Valamon decided that his best course of action was to say nothing and to concentrate on breathing quietly through his mouth.
Haska looked at Valamon with what he could only describe as mortal enmity.
“General Barrat, take the prince to his cell.”
TWO
Seris was ready to crawl under a rock and die in an accusatory manner. To the general population, it was a mild day, with a barley-scented breeze drifting in from the outlying fields. To a sun-sensitive cleric, who’d been sitting outdoors from dawn until dusk for the past three days, it was an exhausting, searing day beneath an unforgiving sun.

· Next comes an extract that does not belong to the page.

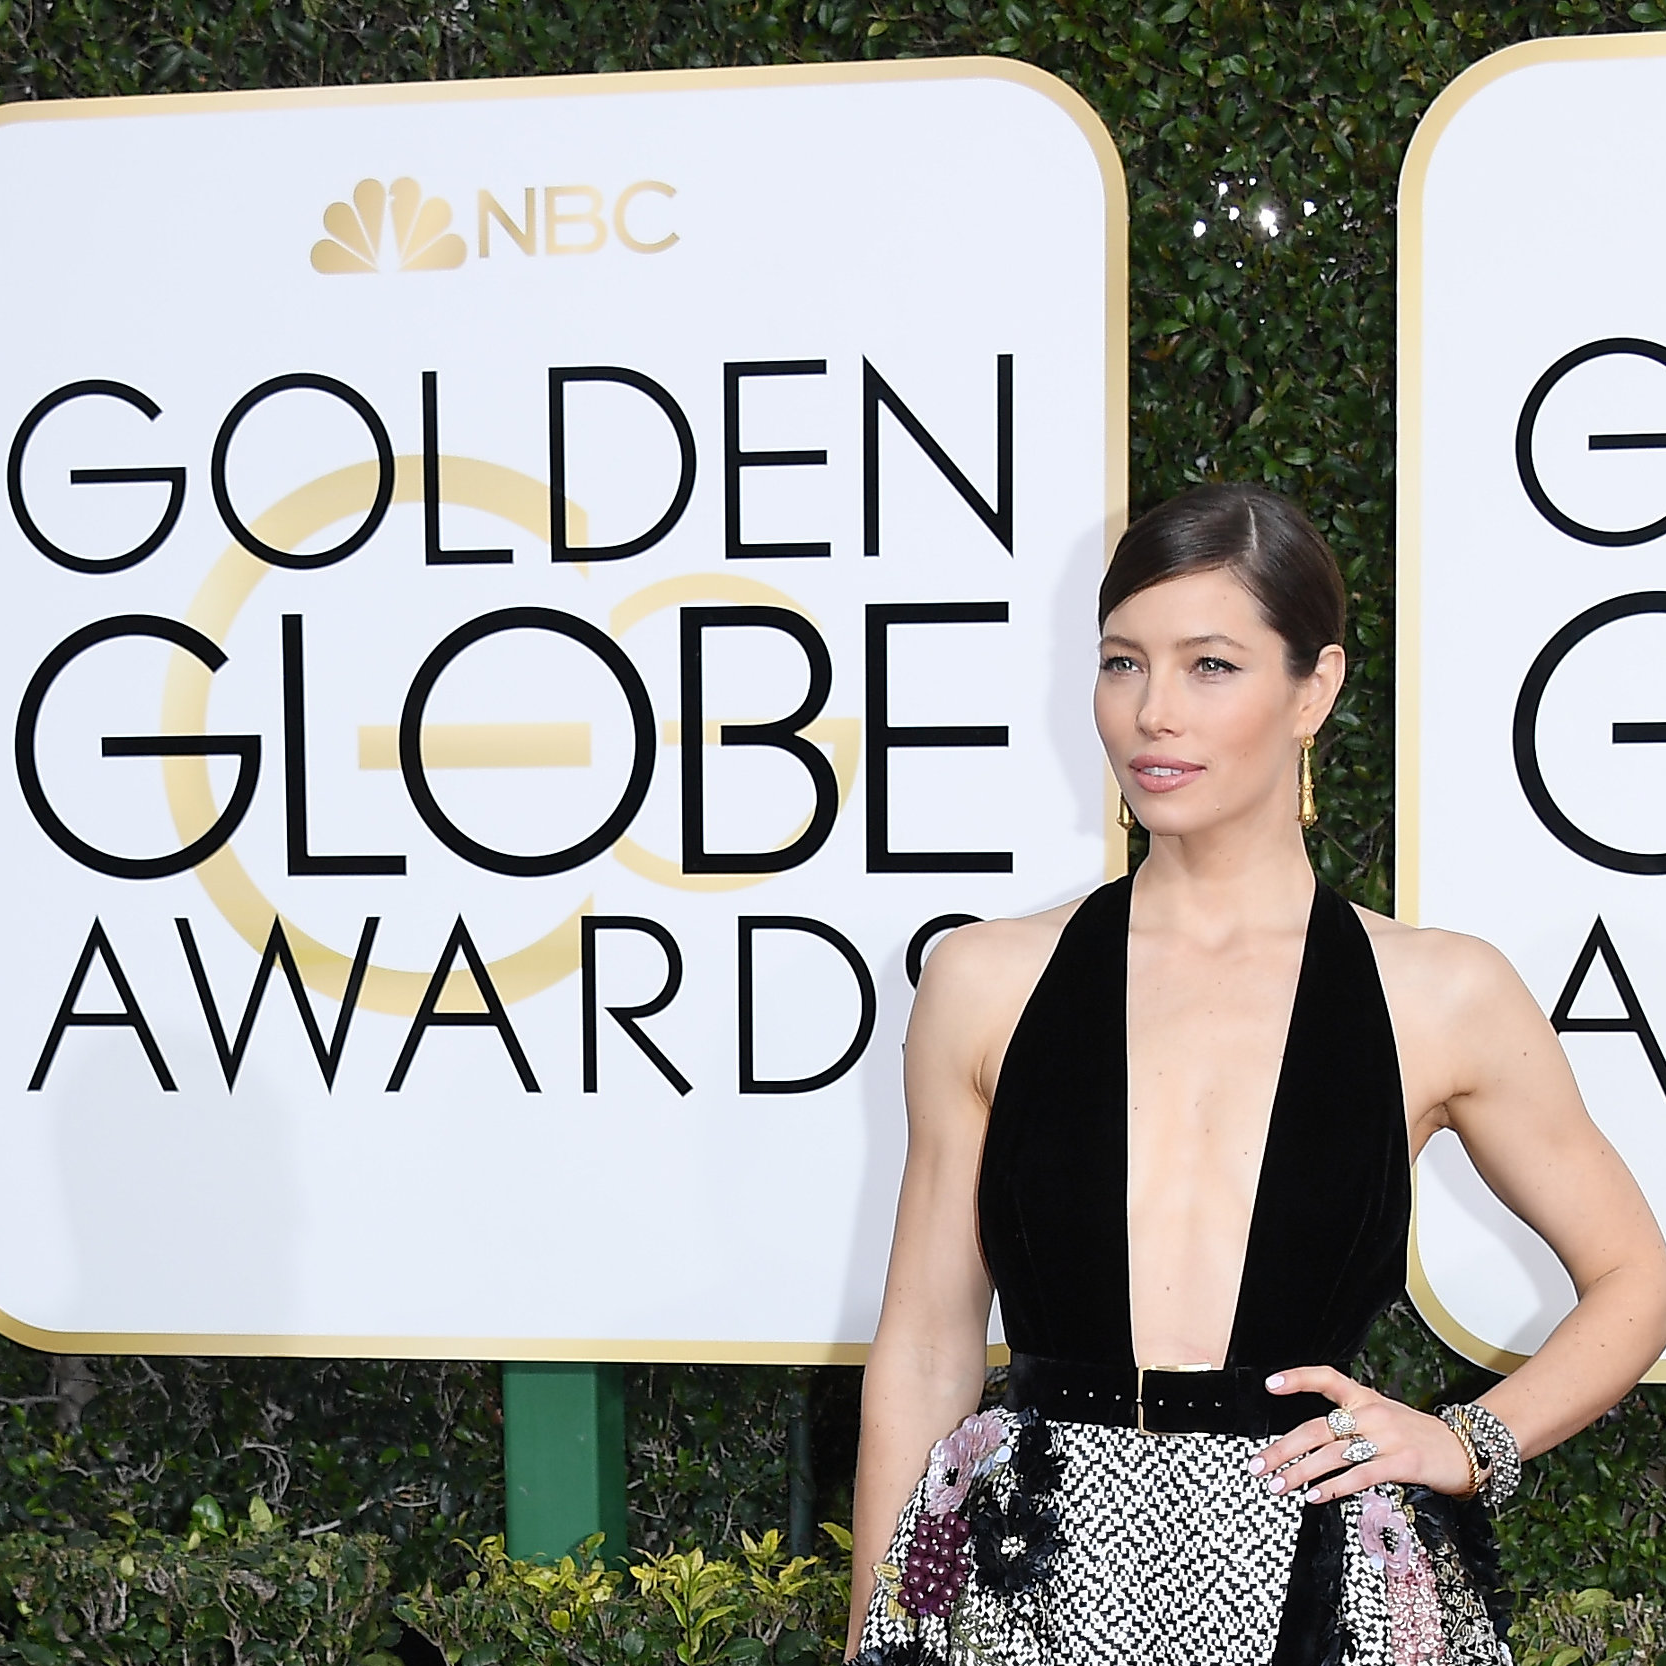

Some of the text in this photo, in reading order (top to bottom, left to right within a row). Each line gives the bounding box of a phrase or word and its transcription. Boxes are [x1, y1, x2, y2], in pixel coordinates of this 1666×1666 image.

[477, 180, 680, 259] NBC
[7, 354, 1013, 574] GOLDEN
[15, 602, 1013, 879] GLOBE

Falon’s speech had gone pretty much as expected, and news of Valamon’s abduction had been received with a mixture of fear, horror, amusement, and apathy. News of the tournament and the hero’s quest had been greeted with significantly more interest, particularly the part about the reward. Ten thousand pieces of gold, a plot of prime land, the gratitude of the king, and the title Champion of the Realm. Every barkeep, stable hand, and half-reformed street thug who fancied themselves an adventurer had flocked to sign up.
Seris drooped behind the sign-up table, willing the sun to sink faster into the hills. He slid another full page of names into his wooden tray, drawing another blank sheet from the endless pile. Sitting beside him, Qara studiously organised the names into groups and schedules for the three tournament challenges. It was late afternoon, but a dense crowd remained in the castle forecourt, milling around the specially constructed stand.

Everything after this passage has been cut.